I live in a city with a huge foreclosure problem. Luckily, that is not my problem. However. I still have a question. I am about to pay off completely my first mortgage on my house. Only a few grand left. The problem is I have a retirement home in another state which is in dire need of remodeling and renovation. I will probably have to take out a mortgage, hopefully small, to do that. What do you recommend as far as getting a new mortgage? My credit is good, not excellent. and I know friends in this state who are having trouble refinancing their homes because of the tight money situation. Any advice you have is appreciated. Ted
Carolyn Warren: You can do a cash out refi on either property, but it sounds like you'll get your best deal on your owner-occupied property.
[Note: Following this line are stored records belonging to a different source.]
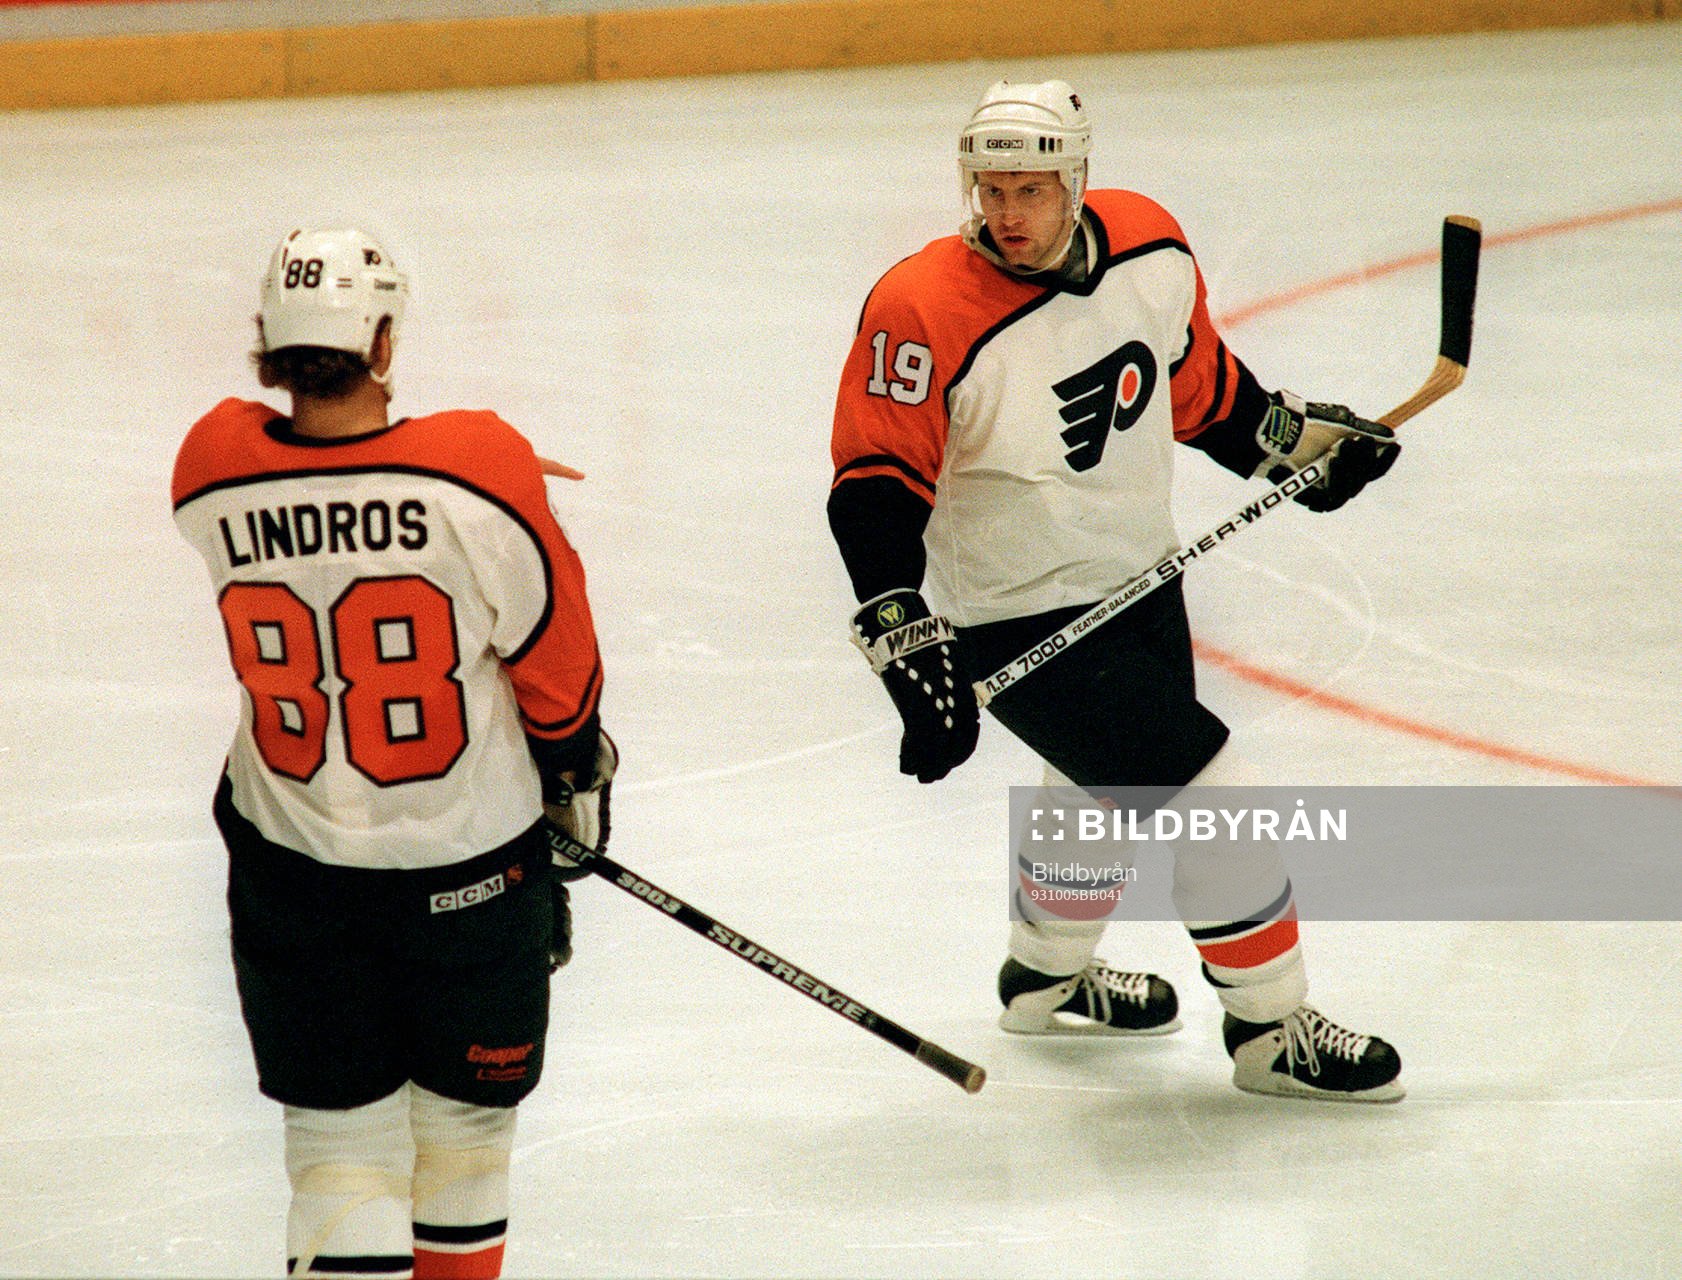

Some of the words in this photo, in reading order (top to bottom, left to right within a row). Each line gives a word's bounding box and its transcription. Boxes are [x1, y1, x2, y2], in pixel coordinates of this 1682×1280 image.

[987, 139, 1024, 149] CCM
[284, 258, 324, 289] 88
[866, 330, 934, 406] 19
[219, 500, 428, 568] LINDROS
[1016, 633, 1067, 673] 7000
[1072, 578, 1151, 636] FEATHER-BALANCED
[1155, 465, 1321, 581] SHER-WOOD
[218, 574, 470, 788] 88
[433, 876, 503, 911] CCM
[707, 924, 868, 1021] SUPREME
Since you have so much equity and good credit, there should be no problem whatsoever.
Michelle Singletary: While I see where Carolyn is going, can I suggest you save for the repairs and renovation and not take on debt?
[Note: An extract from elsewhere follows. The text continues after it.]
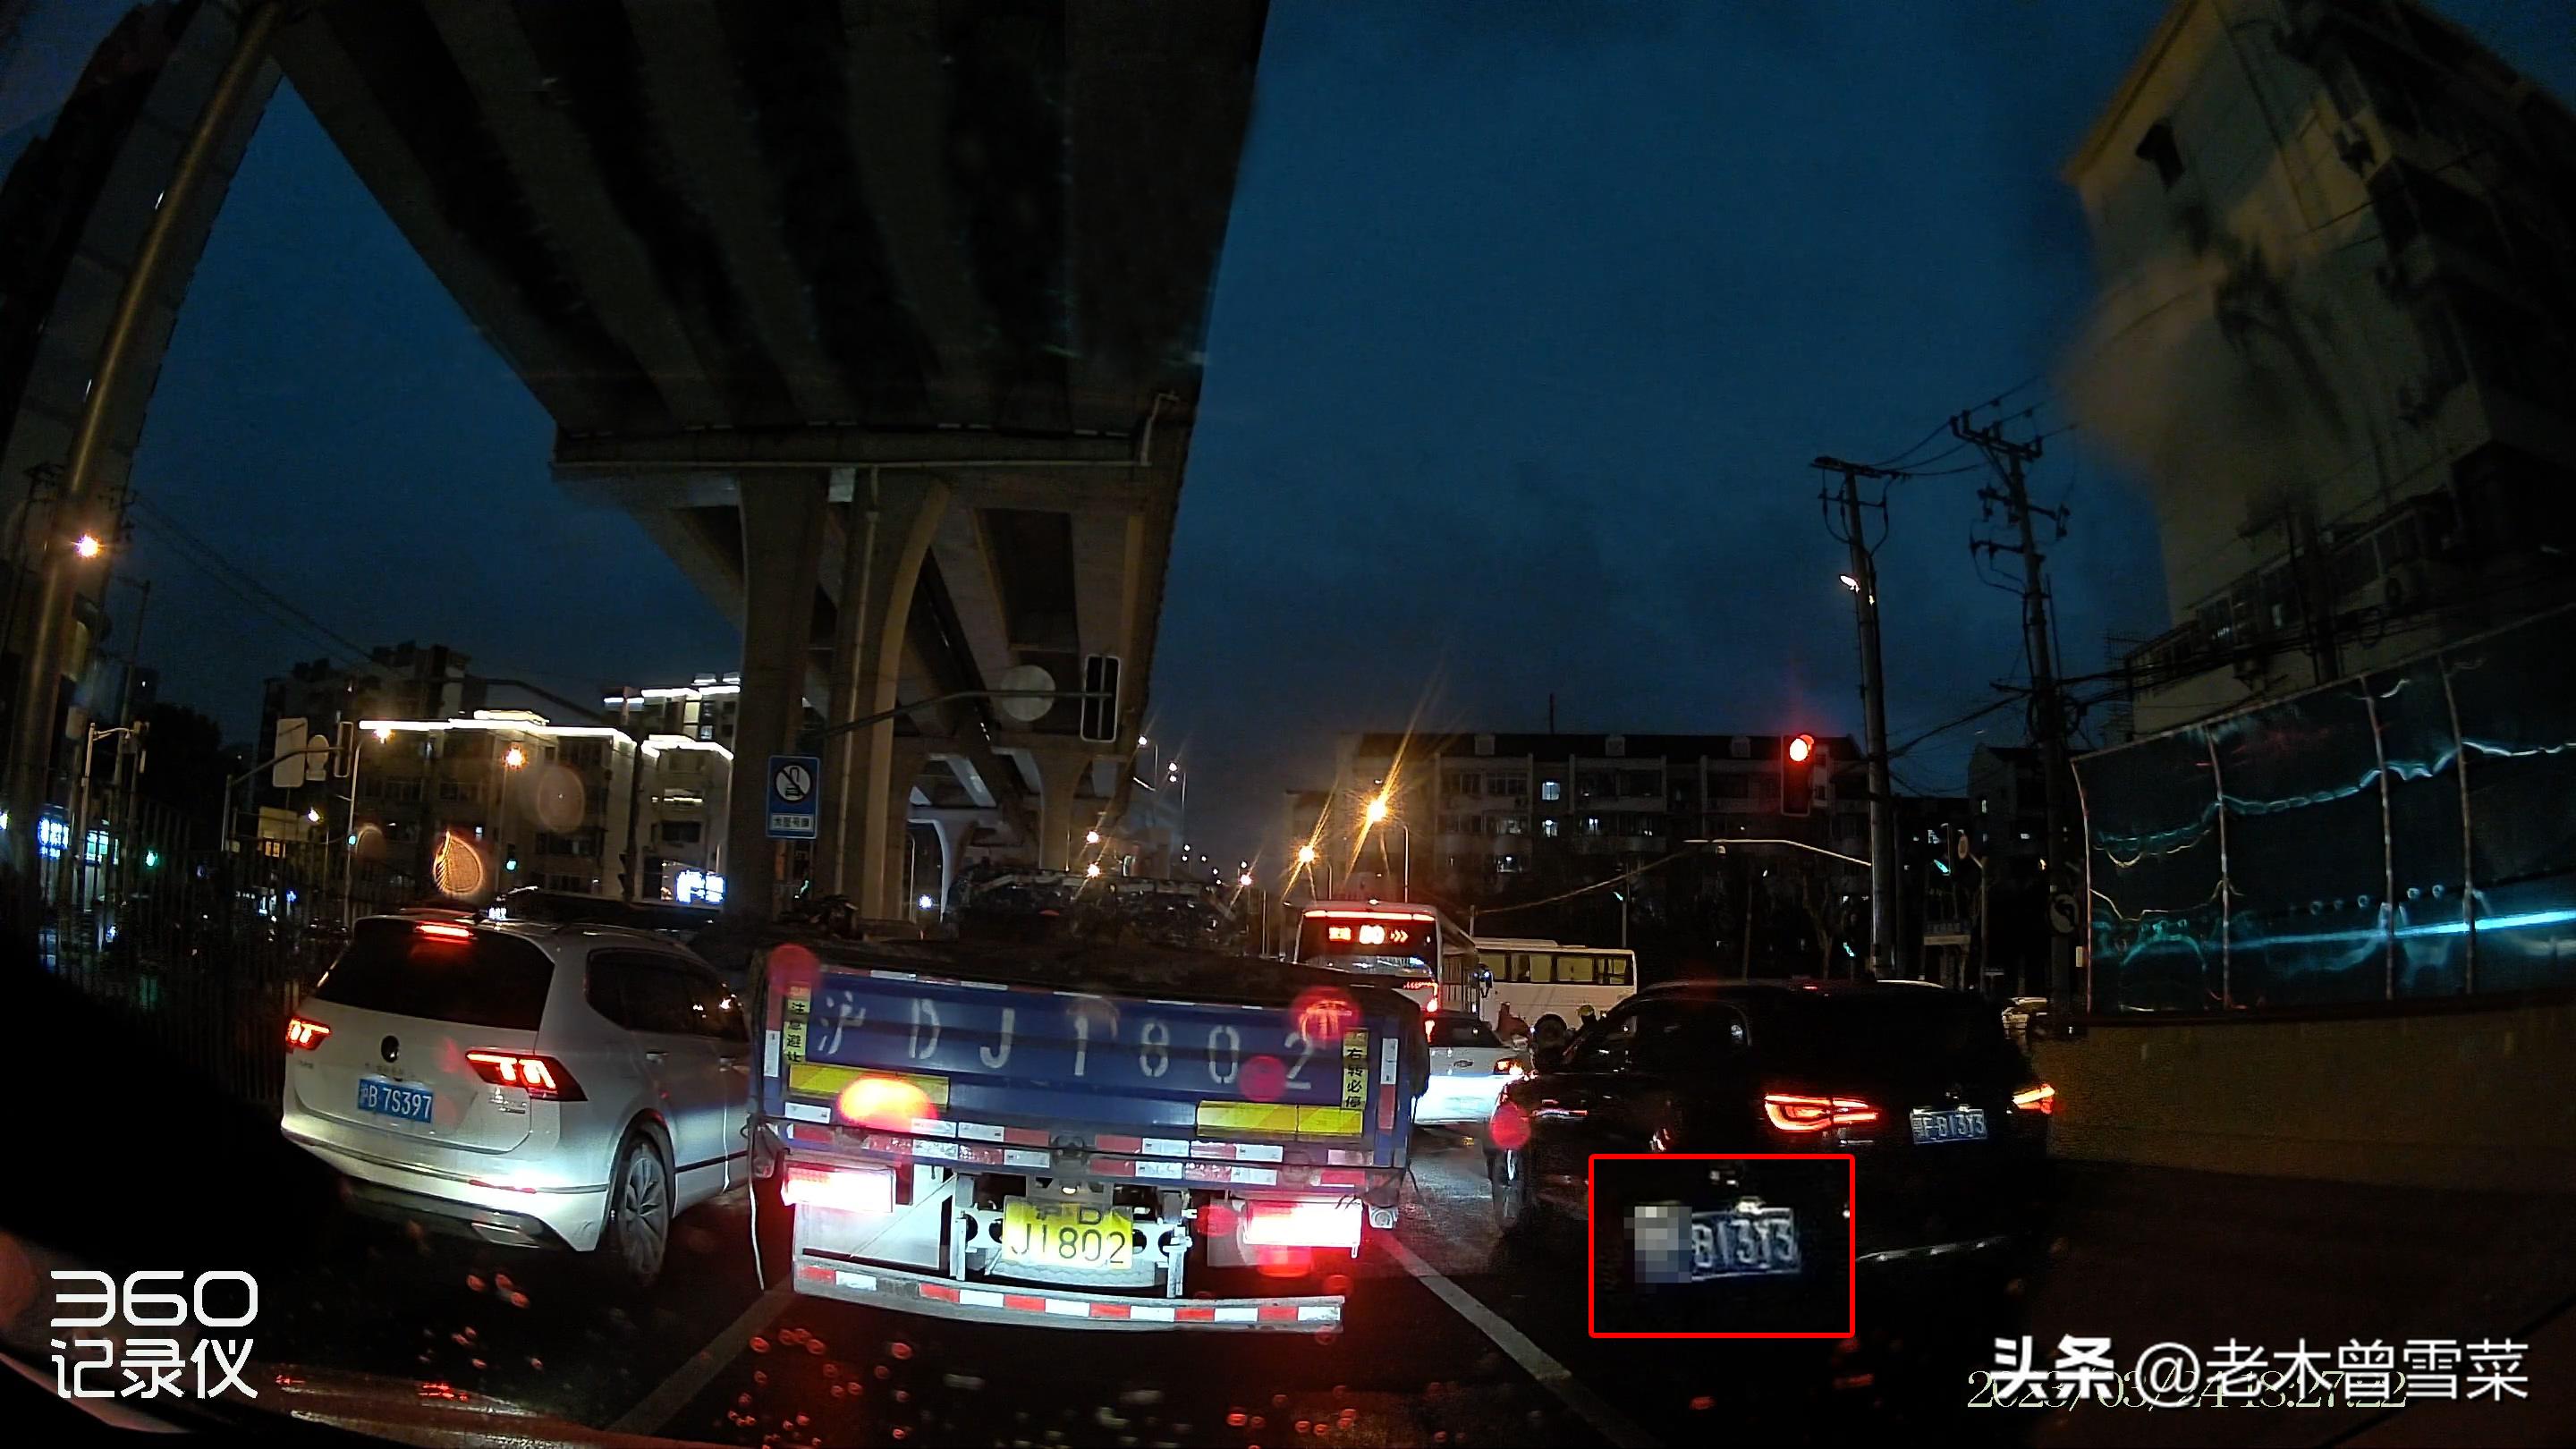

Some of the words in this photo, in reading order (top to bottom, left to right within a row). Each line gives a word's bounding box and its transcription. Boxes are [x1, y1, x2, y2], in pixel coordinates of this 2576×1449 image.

Unless there is a roof about to cave in or NOT doing the repairs will damage the property, don't pull out money from your homes.
SAVE for the repairs you want.
Rockville, Md.: Can a retired person with a working spouse and about a thousand a week in income from retirement resources hope to get a mortgage? We are in an apartment and are thinking about a condominium in a year or two. Not much of a down payment saved, but our credit union has plans without large down payments. (NFCU)
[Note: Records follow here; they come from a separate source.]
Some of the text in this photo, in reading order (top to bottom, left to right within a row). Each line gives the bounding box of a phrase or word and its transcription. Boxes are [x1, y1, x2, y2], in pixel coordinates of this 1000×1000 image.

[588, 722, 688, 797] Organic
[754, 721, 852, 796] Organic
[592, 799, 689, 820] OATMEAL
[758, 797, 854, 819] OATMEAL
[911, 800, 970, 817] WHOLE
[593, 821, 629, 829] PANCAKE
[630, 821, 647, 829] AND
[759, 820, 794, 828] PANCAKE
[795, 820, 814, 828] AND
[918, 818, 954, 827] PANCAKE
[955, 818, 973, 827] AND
Carolyn Warren: Retirement income counts just like W-2 income counts.
If your debt-to-income ratio is about 43% or less, you should qualify for a mortgage.
Compare your credit union with a local mortgage broker. Mortgage brokers can go to wholesale lenders, and CUs are not always the best deal.
Washington, D.C.: I am using my emergency cash savings of $40,000 to pay off my monthly student loan of $1,000 monthly. After paying off my mortgage and other bills, including my IRA, 40lK and other charge bills I am hard pressed and must go to my savings to pay off the loan. Is that OK?
Michelle Singletary: Hold back some money for an emergency ( you don't want to eliminate your entire cash cushion).
Then use as much of the savings to pay down the student loan debt.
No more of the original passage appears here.